But if we are getting a closer look at the operations of that oppressor entity, either from the perspective of a component of it or the previous protagonist who has become more savvy, that's when they get a face. and that's where some more humour can come in, when we see the sheer incompetence, laziness and failure that plagues the machine. The advertisements all have what I call "honest dishonesty," they're lying, but so blatantly so, and when they do reveal the truth they try to spin it (badly) into a feature. That's satirical and amusing done well, but doesn't work for all stories. We only got a brief glimpse of it in AO which worked for it. Abe was only meant to get the propaganda but not the distracting comforts. But it can go too far.

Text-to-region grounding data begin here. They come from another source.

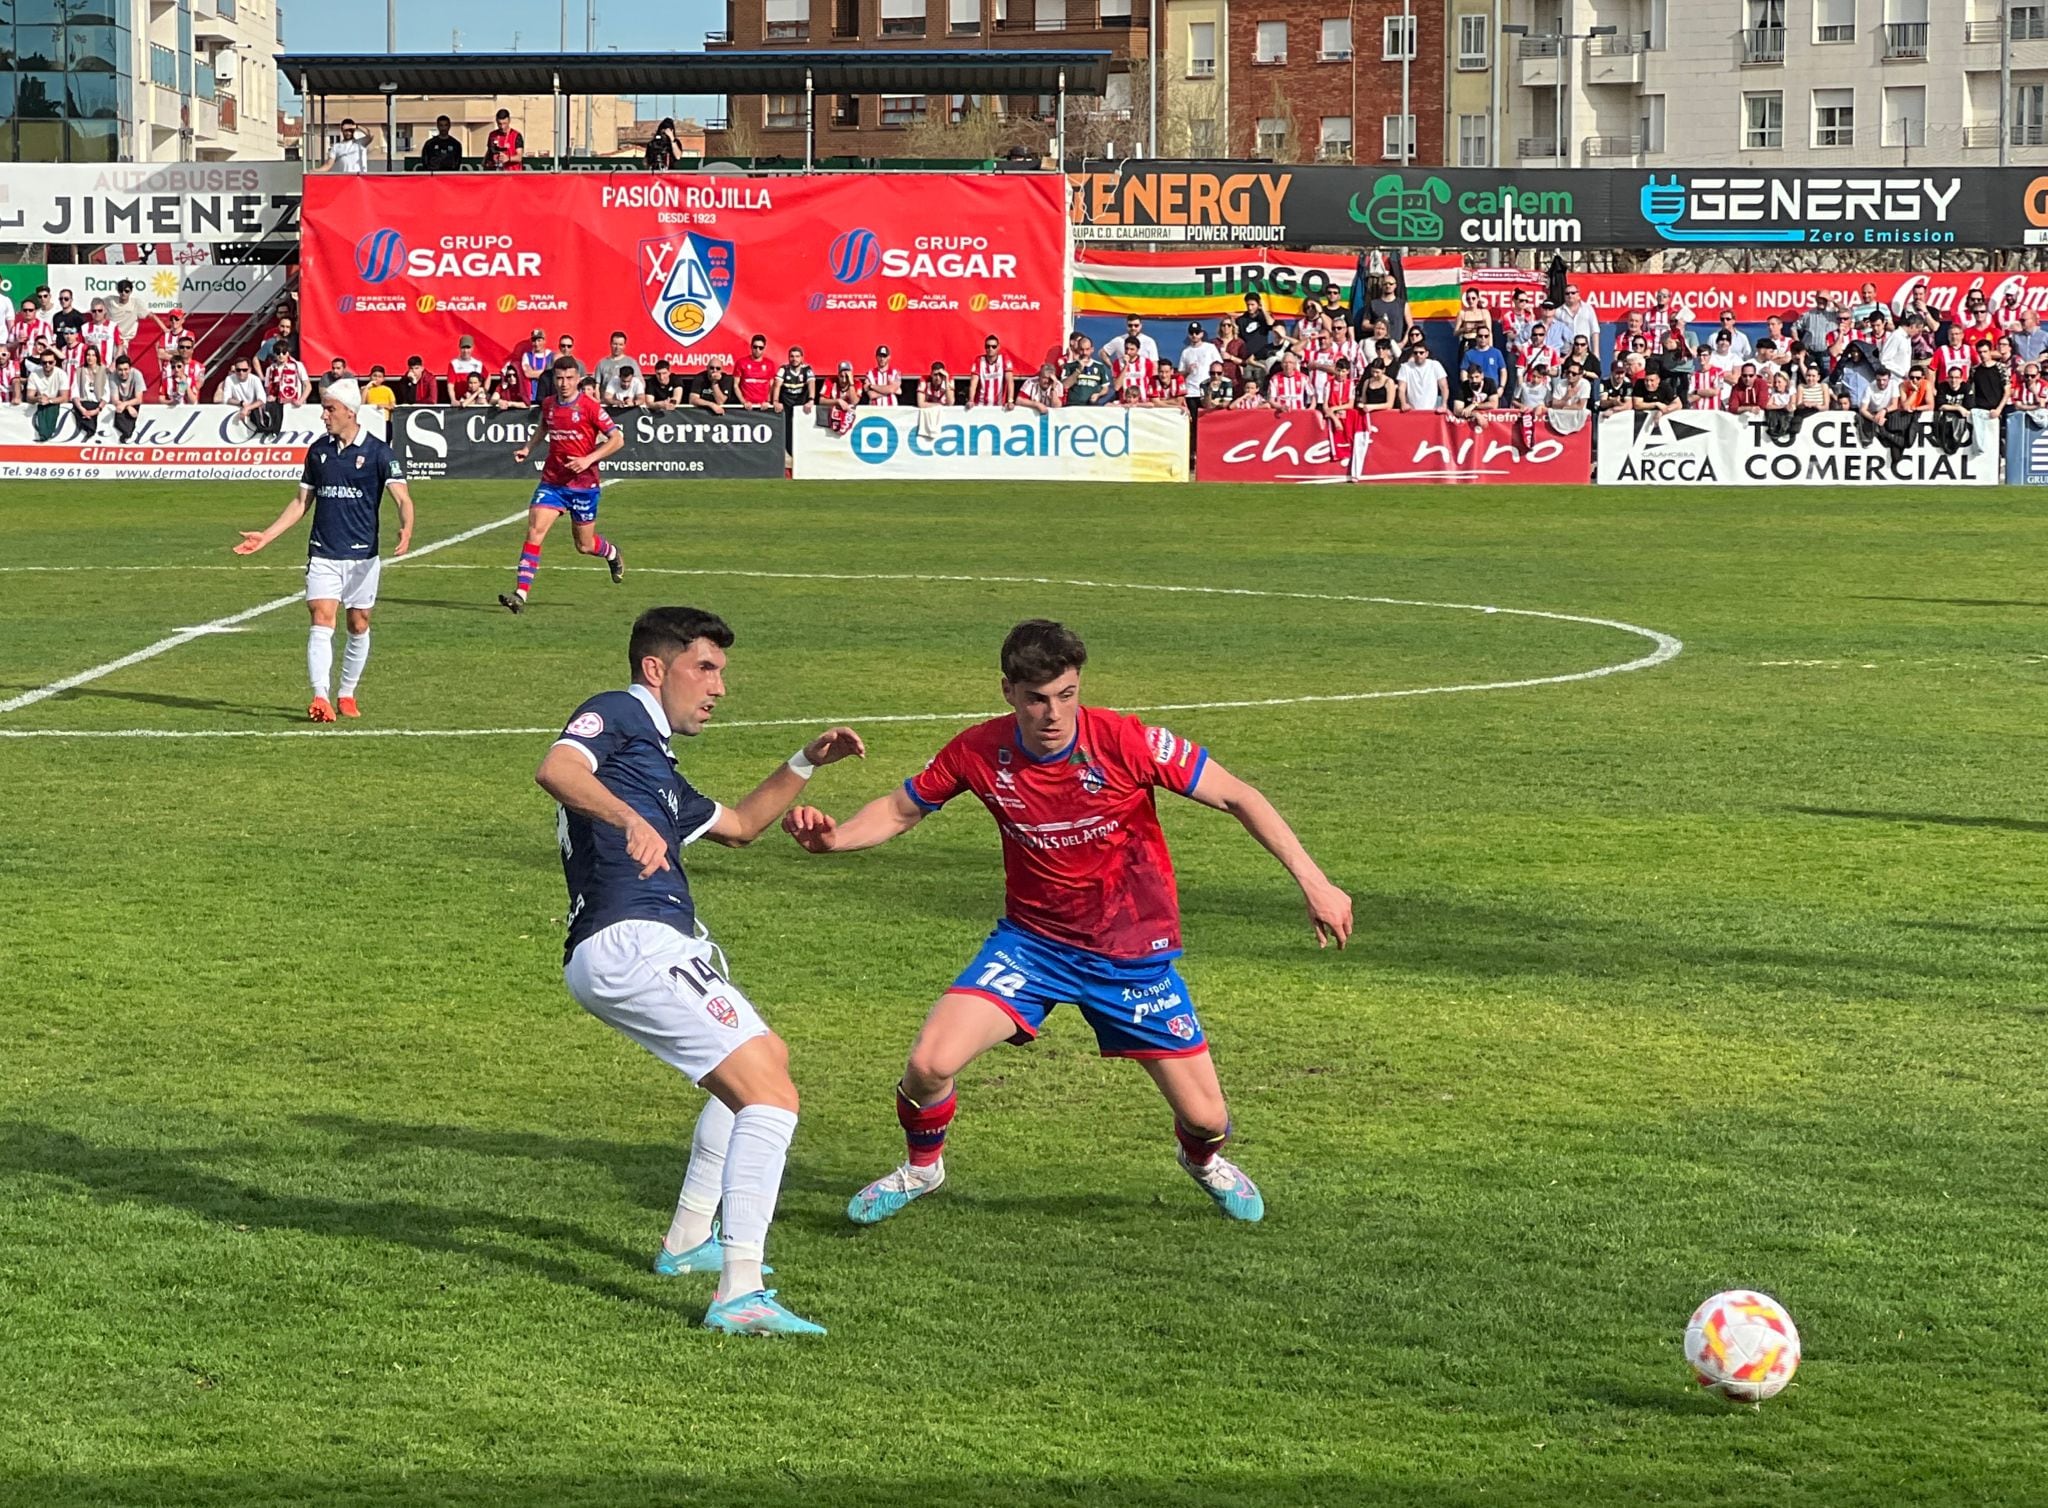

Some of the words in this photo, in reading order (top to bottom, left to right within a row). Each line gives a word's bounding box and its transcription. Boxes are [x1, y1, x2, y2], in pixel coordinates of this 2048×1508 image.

[93, 169, 259, 191] AUTOBUSES
[602, 181, 679, 208] PASIÓN
[686, 187, 771, 209] ROJILLA
[1458, 184, 1573, 214] canem
[1690, 178, 1961, 221] GENERGY
[43, 195, 302, 234] JIMENEZ
[658, 212, 690, 223] DESDE
[693, 213, 716, 224] 1923
[1460, 194, 1581, 242] cultum
[440, 235, 512, 249] GRUPO
[915, 236, 987, 250] GRUPO
[1097, 227, 1114, 239] C.D.
[1116, 227, 1171, 239] CALAHORRA!
[1187, 226, 1228, 241] POWER
[1231, 226, 1286, 241] PRODUCT
[1809, 230, 1854, 243] Zero
[1864, 229, 1955, 243] Emission
[408, 249, 542, 277] SAGAR
[882, 249, 1017, 278] SAGAR
[182, 277, 247, 291] Arnedo
[1195, 265, 1330, 299] TIRGO
[148, 301, 183, 309] semillas
[355, 301, 406, 311] SAGAR
[436, 301, 486, 311] SAGAR
[516, 300, 568, 310] SAGAR
[826, 300, 877, 310] SAGAR
[907, 300, 958, 310] SAGAR
[989, 300, 1040, 310] SAGAR
[1587, 285, 1733, 309] ALIMENACIÓN
[1756, 290, 1862, 308] INDUSRIA
[405, 408, 447, 458] S
[636, 416, 773, 444] Serrano
[908, 412, 1130, 458] canalred
[80, 447, 145, 462] Clínica
[151, 447, 293, 465] Dermatológica
[1412, 426, 1564, 465] nino
[3, 467, 22, 477] Tel.
[25, 468, 47, 478] 948
[50, 468, 64, 478] 69
[67, 468, 81, 478] 61
[84, 468, 100, 478] 69
[406, 460, 447, 469] Serrano
[1617, 454, 1718, 482] ARCCA
[1744, 453, 1977, 482] COMERCIAL
[1062, 835, 1082, 847] DEL
[668, 956, 725, 999] 14
[976, 962, 1028, 998] 14

And as stupid and mislead as the glukkons and sligs are, they need to have at least some degree of competence and ruthlessness to be a believable threat. They're the bad guys but not villains. Or is it the other way around? |
Let's just say they're antagonistic, not evil.
|
Well, they are keeping slaves, I think that could be considered evil.
|
Millions of people throughout history have kept slaves and I suspect the vast majority were perfectly nice. Slavery was simply accepted by society; those keeping them didn't necessarily have malign intents.
|
I have never play Munch's Oddysee and Stranger's Wrath and I will never play them.
|
I'm gonna look beyond the enormous short sightedness of that statement and put it down to bad wording, which I sincerely hope is the case.
One must remember however, that good and evil are subjective. Throughout the early 1900s, the IRA was a terrorist organisation (I'm talking before they lost the moral high ground and started bombing England), to the Irish, to me, to my family who were in the IRA, the pre-1920 IRA were freedom fighters. To the industrialists it is similar. Abe is simply a terrorist, to the mudokons, he's a freedom fighter. It'd be good to get a land-mugger's perspective. |
So when you think about it, Abe's a bit of a bell end.
|
An interesting quote I remember was from George Lucas when he was discussing the original Star Wars movies.

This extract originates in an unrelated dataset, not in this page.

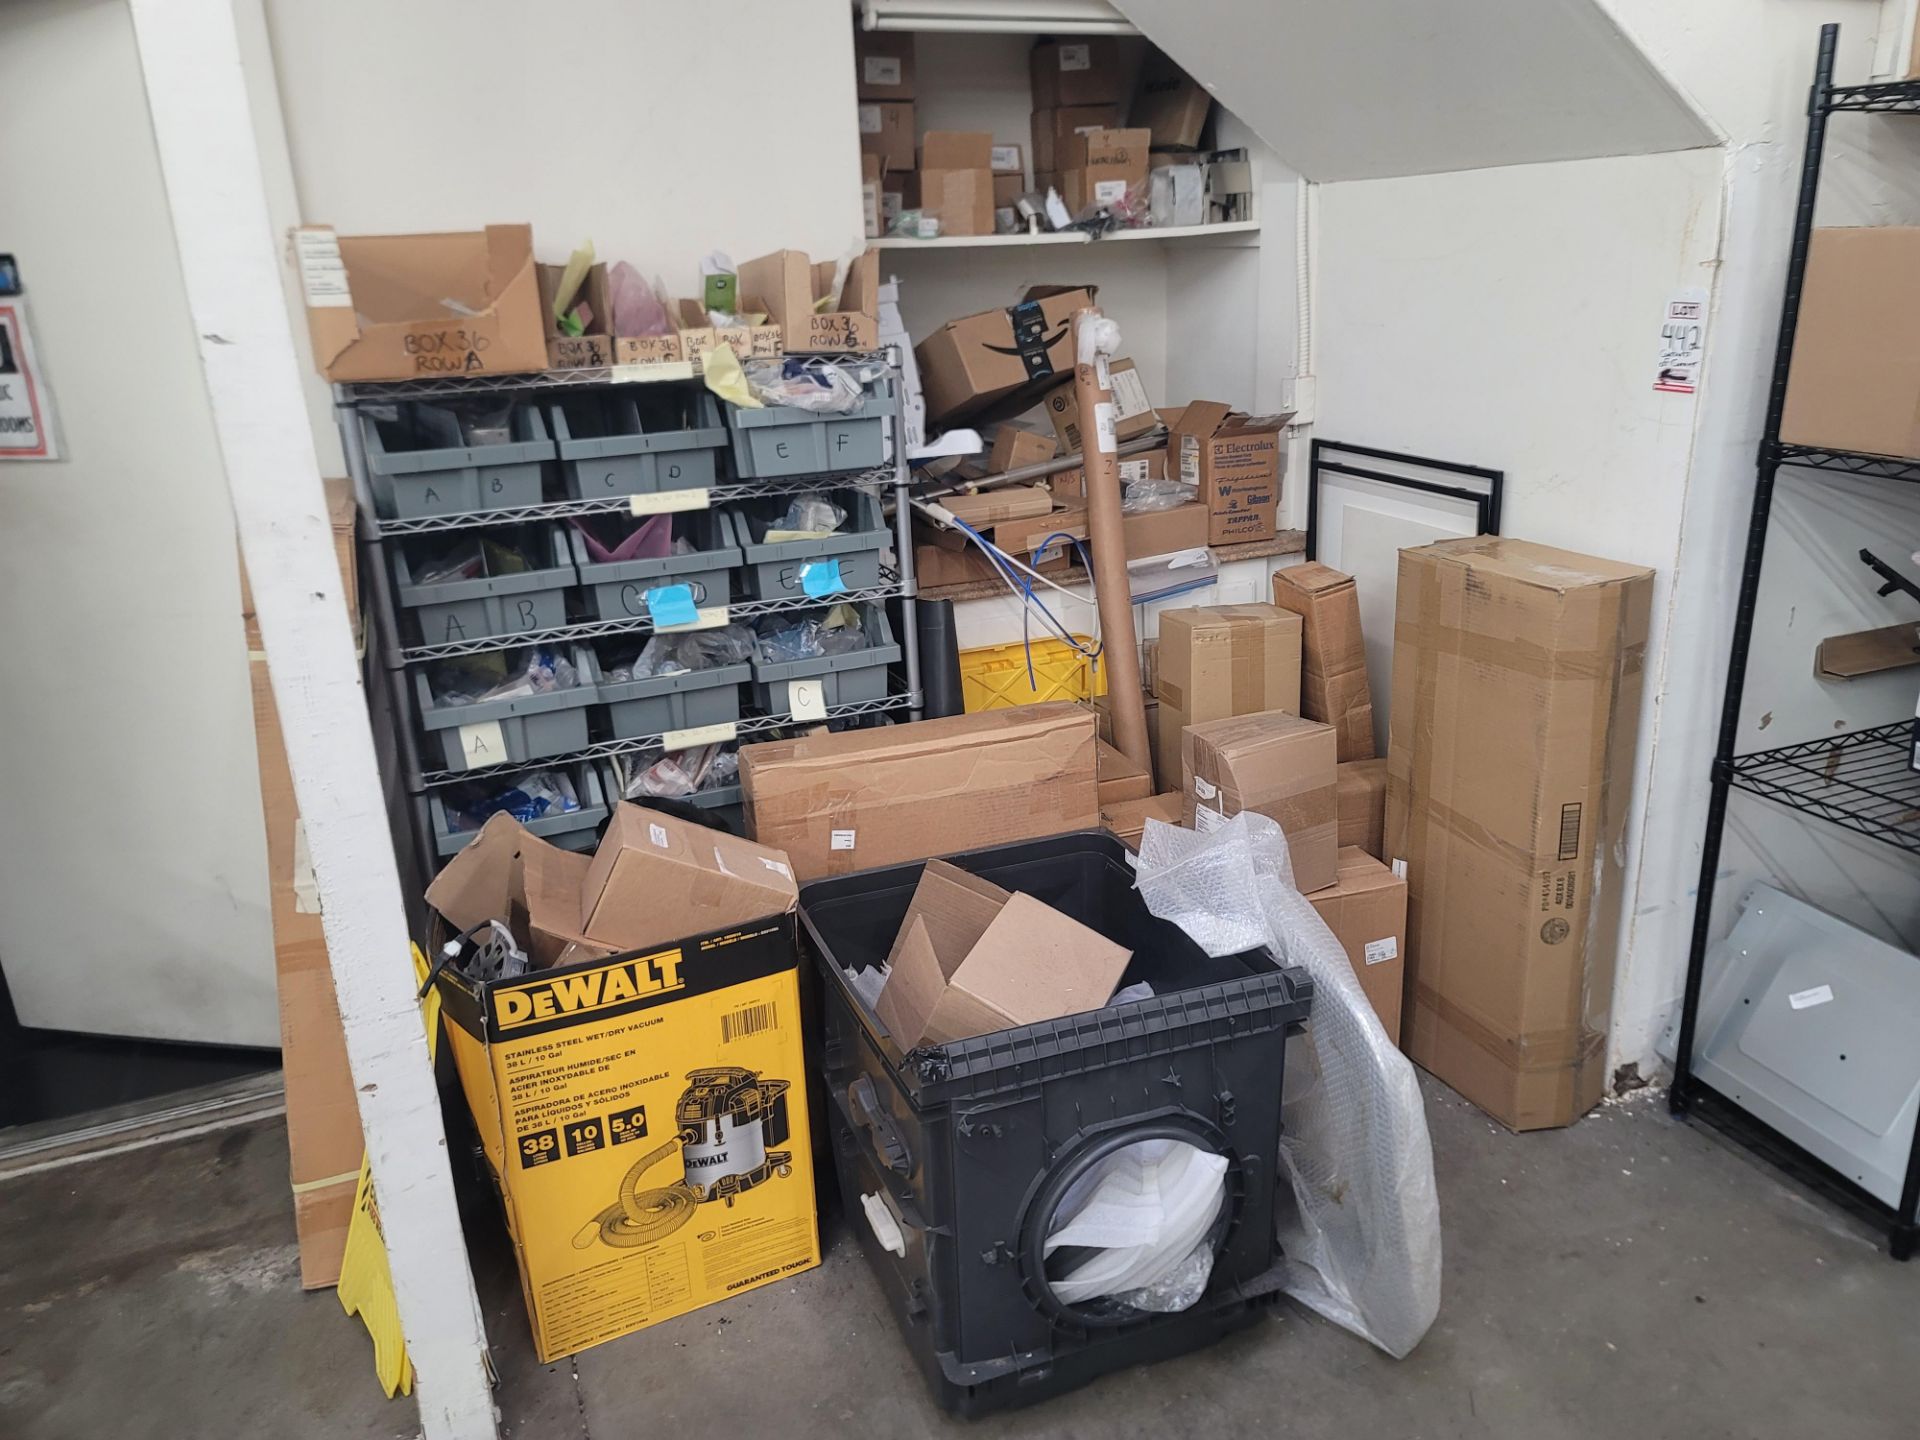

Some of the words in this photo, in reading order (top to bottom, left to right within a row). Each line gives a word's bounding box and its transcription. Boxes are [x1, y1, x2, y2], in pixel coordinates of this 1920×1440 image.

To paraphrase, his thoughts were that to make a really good, effective, believable villain character, you can’t just make them a cackling cardboard cutout – you have to give them depth, motives, show that they’re people too. That as bad as their actions are, they believe that what they are doing is good. I always found that thought an interesting one. |
I agree that nothing really captured the same atmosphere after AO, due to the more comical tone. Some of the natives' spirituality and the industrialists' sinister appearance were lost when every character started wise-cracking in the exact same way.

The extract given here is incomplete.